A copy of the Keyhea injunction is available online at website of the State of California's Office of Administrative Hearings,http://www.oah.dgs.ca.gov.
The decision of the administrative law judge at a Keyhea hearing is the type of decision that gives rise to the protection of quasi-judicial immunity, as described by the court of appeals in Hirsh. Plaintiff's allegations bring the decision of defendant Levy squarely within the protection of that immunity. Accordingly, this action should be dismissed for failure to state a claim upon which relief may be granted. See 28 U.S.C. § 1915A.

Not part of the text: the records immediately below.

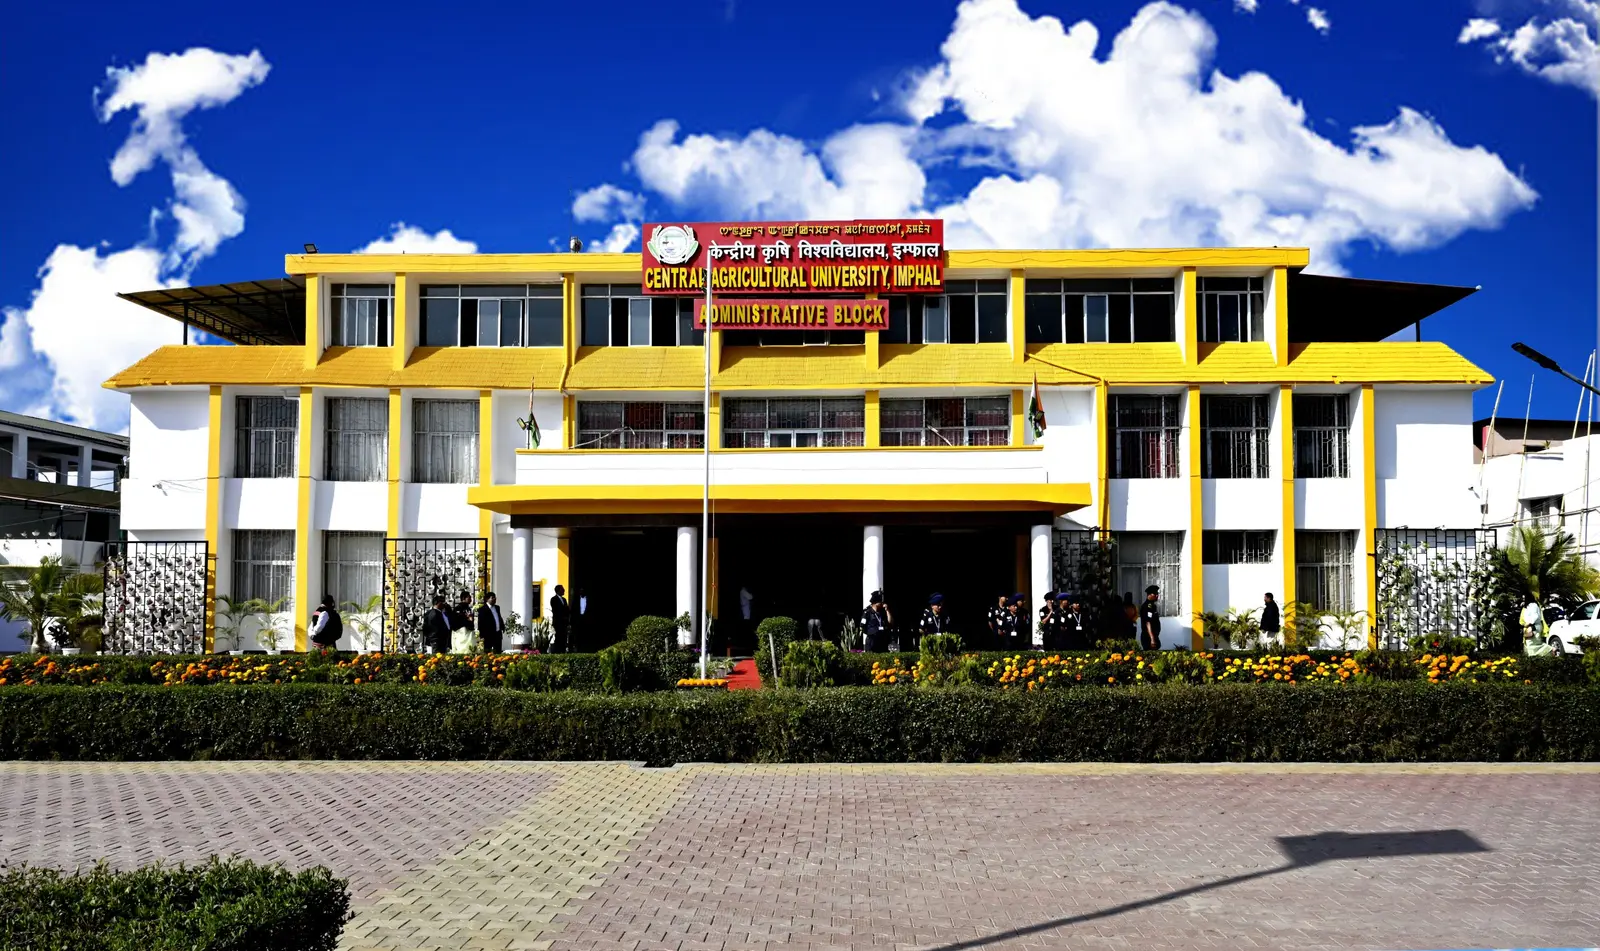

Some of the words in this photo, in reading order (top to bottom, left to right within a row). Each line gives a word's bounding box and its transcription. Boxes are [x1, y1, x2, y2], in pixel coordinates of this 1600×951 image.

[708, 240, 756, 260] केन्द्रीय
[760, 240, 792, 264] कृषि
[797, 239, 889, 260] विश्वविद्यालय,
[892, 242, 941, 260] इम्फाल
[711, 265, 807, 288] AGRICULTURAL
[810, 265, 891, 290] UNIVERSITY,
[893, 264, 941, 287] IMPHAL
[699, 303, 825, 324] ADMINISTRATIVE
[833, 304, 884, 324] BLOCK

For all of the foregoing reasons, IT IS HEREBY RECOMMENDED that this action be dismissed for failure to state a claim upon which relief may be granted.

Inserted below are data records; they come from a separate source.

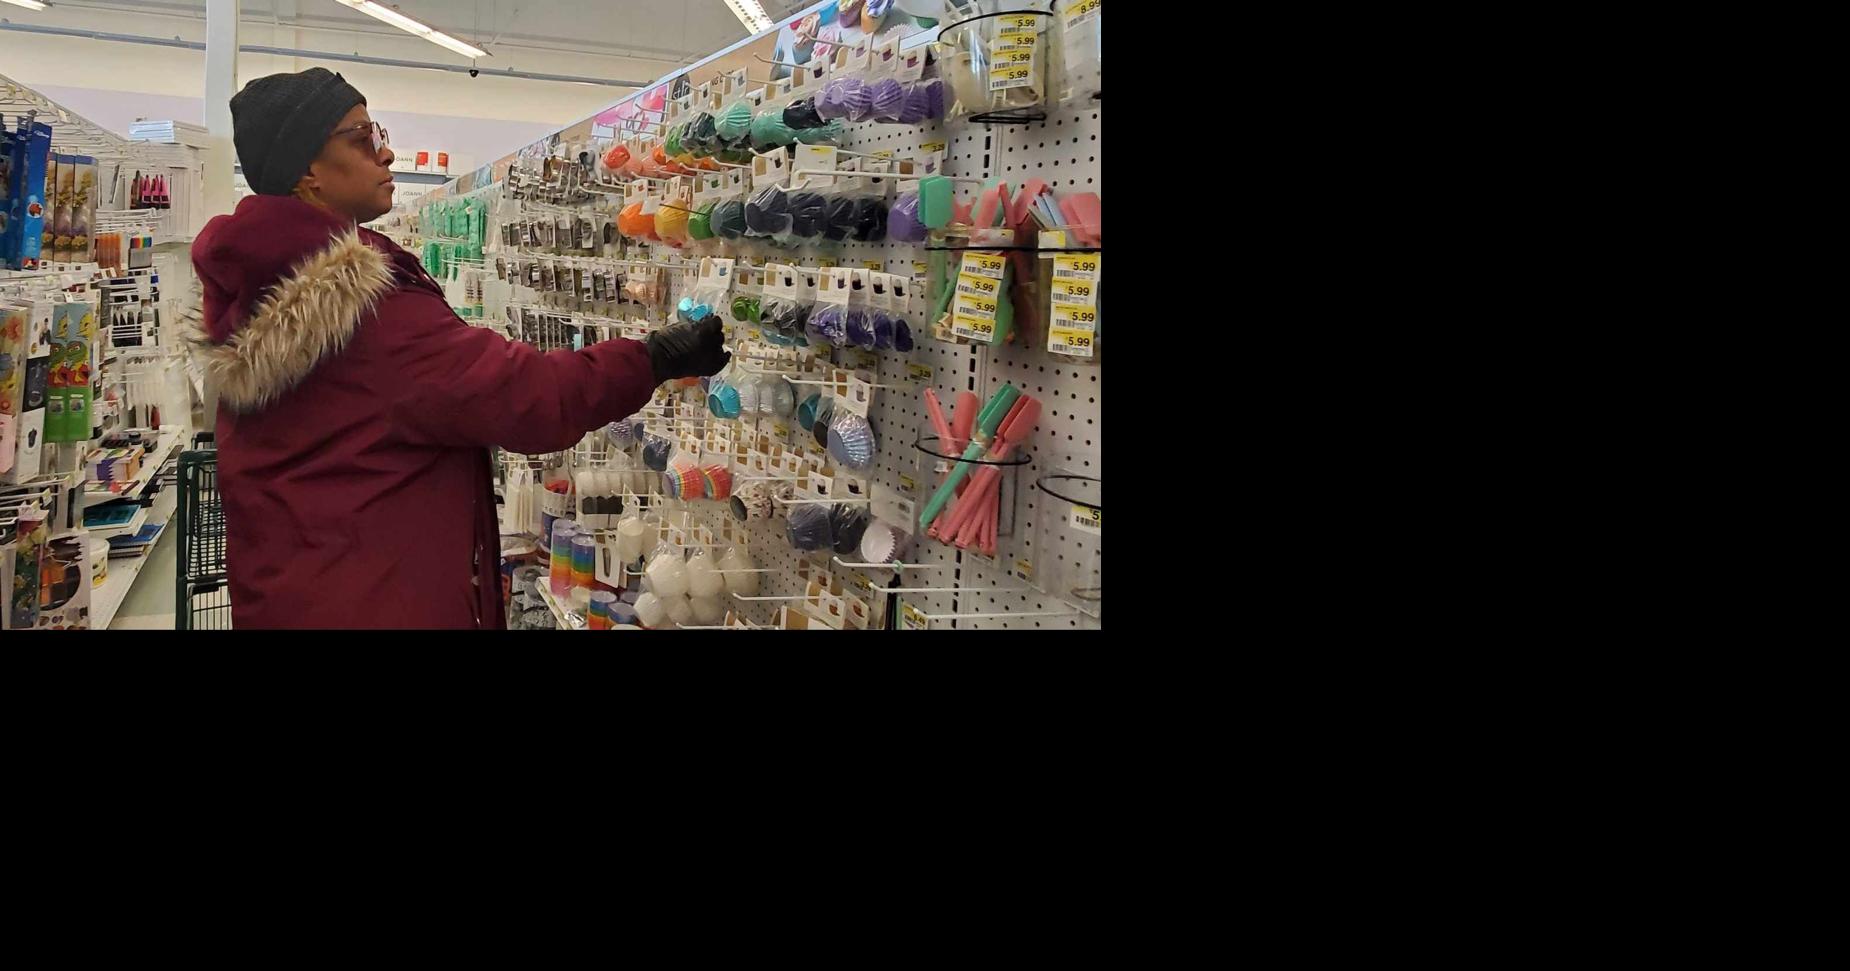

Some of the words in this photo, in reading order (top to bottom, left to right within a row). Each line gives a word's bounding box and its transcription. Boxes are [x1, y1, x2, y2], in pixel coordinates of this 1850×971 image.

[1017, 19, 1035, 27] 5.99
[1017, 37, 1035, 45] 5.99
[1011, 53, 1031, 62] 5.99
[1009, 70, 1028, 80] 5.99
[981, 260, 1002, 270] 5.99
[1073, 261, 1096, 271] 5.99
[974, 281, 994, 292] 5.99
[1068, 285, 1090, 296] 5.99
[975, 302, 996, 312] 5.99
[1072, 311, 1095, 322] 5.99
[972, 323, 993, 333] 5.99
[1068, 336, 1090, 347] 5.99

These findings and recommendations are submitted to the United States District Judge assigned to the case, pursuant to the provisions of 28 U.S.C. § 636(b)(1). Within twenty days after being served with these findings and recommendations, any party may file written objections with the court and serve a copy on all parties. Such a document should be captioned "Objections to Magistrate Judge's Findings and Recommendations." The parties are advised that failure to file objections within the specified time may waive the right to appeal the District Court's order. Martinez v. Ylst, 951 F.2d 1153 (9th Cir. 1991).